Source material:

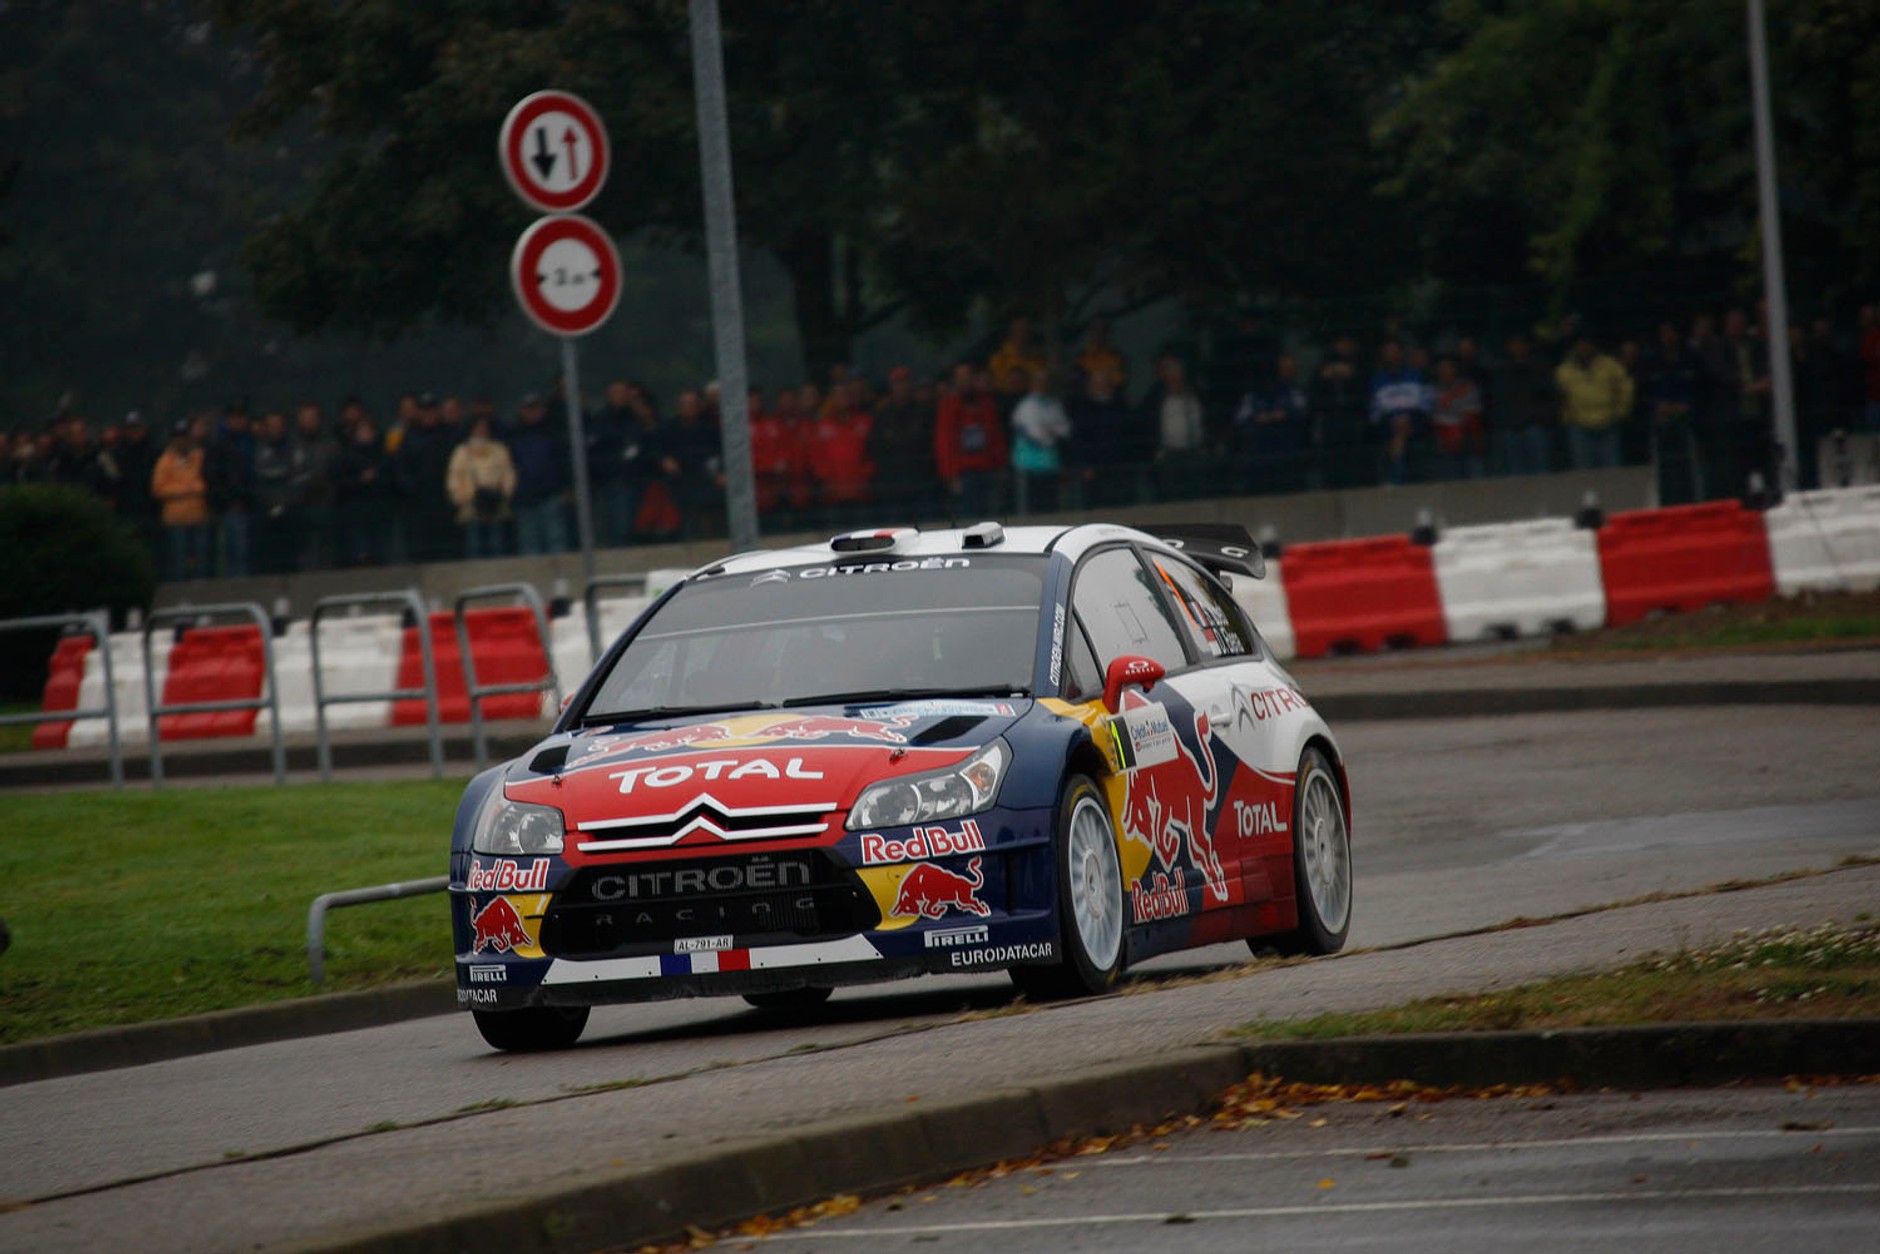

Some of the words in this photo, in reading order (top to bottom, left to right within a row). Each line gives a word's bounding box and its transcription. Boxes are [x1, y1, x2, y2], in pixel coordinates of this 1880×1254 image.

[608, 758, 824, 794] TOTAL
[1233, 800, 1288, 839] TOTAL
[860, 826, 929, 865] Red
[925, 819, 986, 857] Bull
[466, 858, 502, 891] Red
[497, 858, 551, 891] Bull
[1131, 870, 1163, 924] Red
[1158, 866, 1189, 919] Bull
[678, 937, 729, 950] AL-791-AR
[924, 925, 989, 948] PIRELLI
[951, 942, 1053, 967] EURODATACAR
[469, 965, 507, 982] PIRELLI
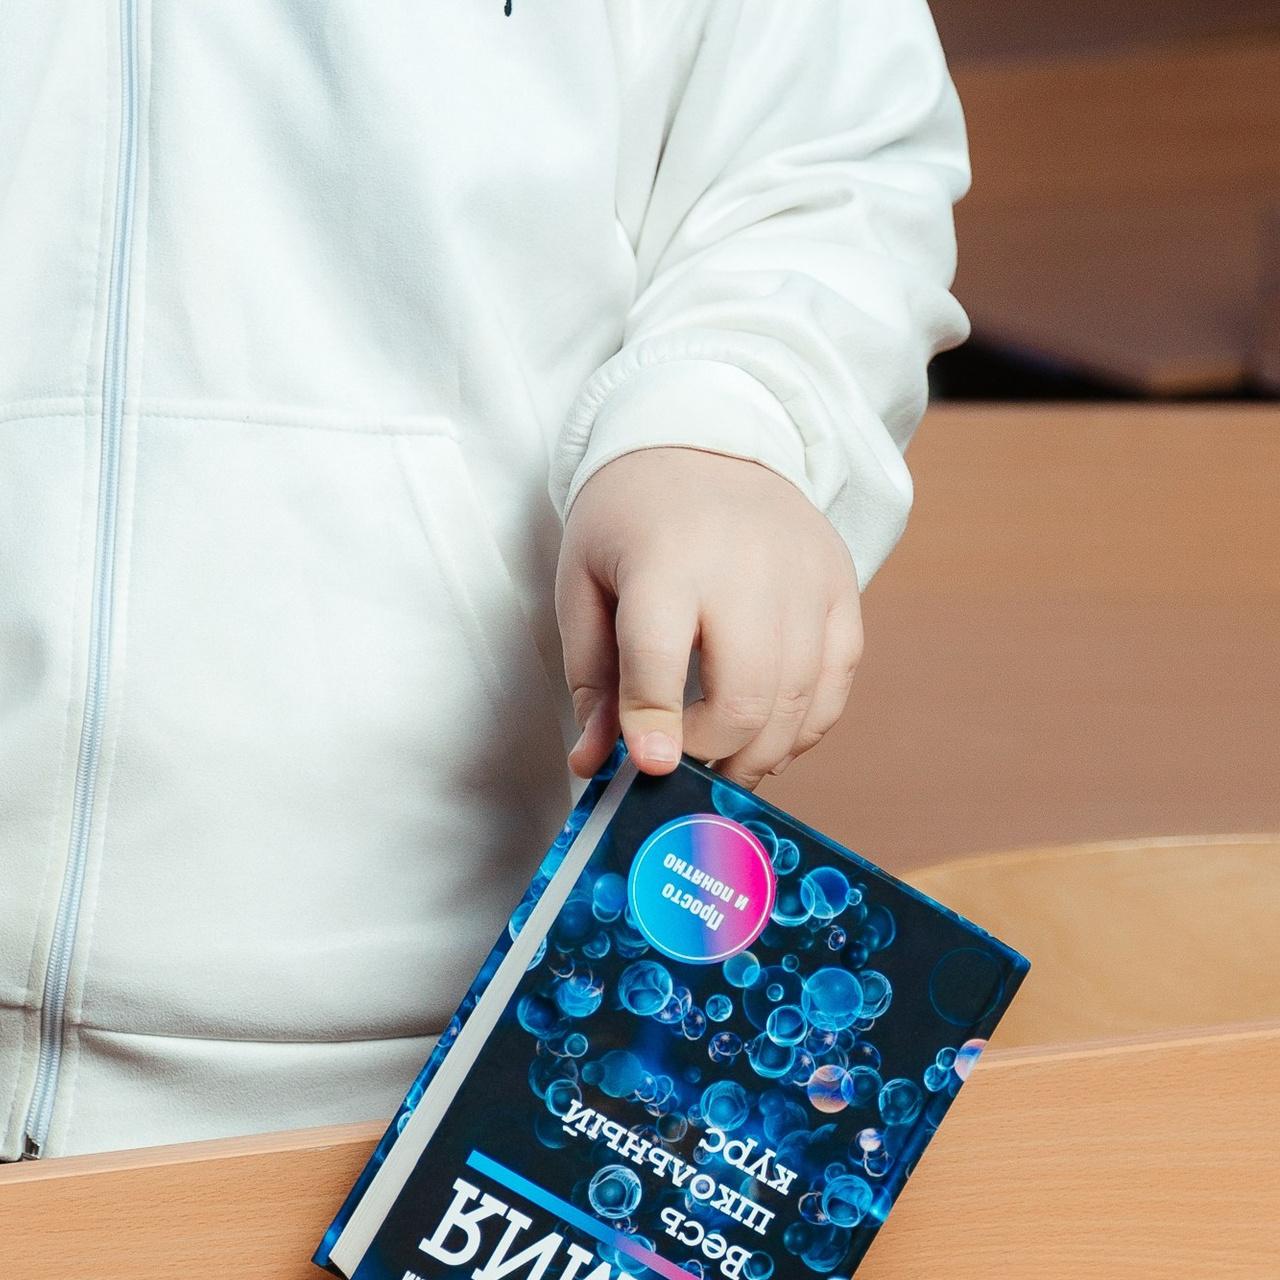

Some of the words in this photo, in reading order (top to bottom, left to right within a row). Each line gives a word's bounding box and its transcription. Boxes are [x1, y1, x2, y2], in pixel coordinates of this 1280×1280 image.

Try it: Although the records contain pictures, print only the rest, exactly as written.

Task answer:
Some of the words in this photo, in reading order (top to bottom, left to right within a row). Each line gives a word's bounding box and its transcription. Boxes are [x1, y1, x2, y2], in pixel coordinates of this 1880×1254 image.

[608, 758, 824, 794] TOTAL
[1233, 800, 1288, 839] TOTAL
[860, 826, 929, 865] Red
[925, 819, 986, 857] Bull
[466, 858, 502, 891] Red
[497, 858, 551, 891] Bull
[1131, 870, 1163, 924] Red
[1158, 866, 1189, 919] Bull
[678, 937, 729, 950] AL-791-AR
[924, 925, 989, 948] PIRELLI
[951, 942, 1053, 967] EURODATACAR
[469, 965, 507, 982] PIRELLI

Some of the words in this photo, in reading order (top to bottom, left to right within a row). Each line gives a word's bounding box and its transcription. Boxes are [x1, y1, x2, y2], in pixel coordinates of this 1280×1280 image.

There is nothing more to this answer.